Parabéns pela garra, dedicação e perseverança!
A Defensoria Pública de São Paulo – com nossa participação firme,
adotou cotas para negros/as, a partir do próximo concurso
que será lançado em 60 dias!
Na próxima sexta, às 9 horas, os Conselheiros definirão a percentagem
(se 20% ou 30% ou na mesma proporção da
população negra no ESTADO de São Paulo).
Todos de volta à DEFENSORIA PÚBLICA para a complementação
e solidificação da nossa vitória!

O Conselho Superior da Defensoria Pública de SP decidiu na manhã desta quinta-feira (30/10) pela implantação de cotas étnico-raciais nos concursos públicos de ingresso na carreira de Defensor Público do Estado de SP. O pedido partiu do Núcleo de Combate a Discriminação, Racismo e Preconceito e da Ouvidoria Geral da Defensoria Pública e do Instituto Luiz Gama.

Segundo o último diagnóstico das Defensorias Públicas de todo o país, realizado em 2009 pelo Ministério da Justiça, a porcentagem dos Defensores Públicos que declararam ser negros representa 6,8% do total, enquanto 0,3%, indígenas.defensoria
O Conselho Superior é o órgão deliberativo da instituição, que tem como uma de suas atribuições exercer o poder normativo, no âmbito da Defensoria Pública. A discussão travada nesta quinta-feira deu-se em razão do entendimento de alguns Conselheiros de que não haveria previsão legal para que a Defensoria Pública, por meio de deliberação interna, instituísse a política de cotas. Para eles, seria necessário haver lei instituindo a ação afirmativa nos concursos públicos estaduais.

No entanto, a maioria dos Conselheiros considera que a Defensoria Pública, no exercício de sua autonomia e de seu poder regulamentar, tem competência para instituir a política afirmativa das cotas étnico-raciais, segundo previsão da Constituição Federal e da Lei de Igualdade Racial (Lei nº. 12.288/2010).

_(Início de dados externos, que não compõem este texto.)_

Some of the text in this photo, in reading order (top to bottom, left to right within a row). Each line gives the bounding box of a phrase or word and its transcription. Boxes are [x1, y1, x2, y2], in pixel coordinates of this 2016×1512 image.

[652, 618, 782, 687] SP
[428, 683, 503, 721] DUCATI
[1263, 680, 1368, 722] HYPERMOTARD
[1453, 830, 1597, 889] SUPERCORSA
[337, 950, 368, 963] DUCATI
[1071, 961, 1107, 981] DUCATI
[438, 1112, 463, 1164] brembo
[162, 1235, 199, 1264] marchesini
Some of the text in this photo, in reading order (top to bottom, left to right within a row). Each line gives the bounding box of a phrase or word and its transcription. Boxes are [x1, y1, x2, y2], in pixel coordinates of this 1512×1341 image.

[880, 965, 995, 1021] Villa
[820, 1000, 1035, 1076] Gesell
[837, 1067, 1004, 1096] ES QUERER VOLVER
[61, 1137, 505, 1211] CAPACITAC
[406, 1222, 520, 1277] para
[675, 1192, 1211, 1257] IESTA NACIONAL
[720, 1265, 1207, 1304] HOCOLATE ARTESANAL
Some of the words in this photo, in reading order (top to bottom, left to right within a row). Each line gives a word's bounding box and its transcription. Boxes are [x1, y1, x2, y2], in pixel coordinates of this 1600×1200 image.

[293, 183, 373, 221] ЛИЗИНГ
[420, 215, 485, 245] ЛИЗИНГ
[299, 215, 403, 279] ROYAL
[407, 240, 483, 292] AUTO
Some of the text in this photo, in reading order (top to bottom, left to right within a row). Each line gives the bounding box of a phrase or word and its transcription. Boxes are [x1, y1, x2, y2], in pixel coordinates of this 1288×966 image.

Os Defensores levaram em consideração o julgamento da ADPF nº 186 – que contestou as ações afirmativas instituídas na Universidade de Brasília –, ocasião em que o Supremo Tribunal Federal entendeu que as instituições autônomas, como a Defensoria Pública, podem instituir políticas de cotas por atos infralegais, o que dispensa legislação formal.

Os Conselheiros ainda não discutiram o conteúdo da deliberação, que definirá como será implementada a política de cotas aprovada pelo Conselho Superior da Defensoria Pública. As diretrizes que serão adotadas nos próximos concursos serão debatidas nas próximas sessões do Conselho Superior.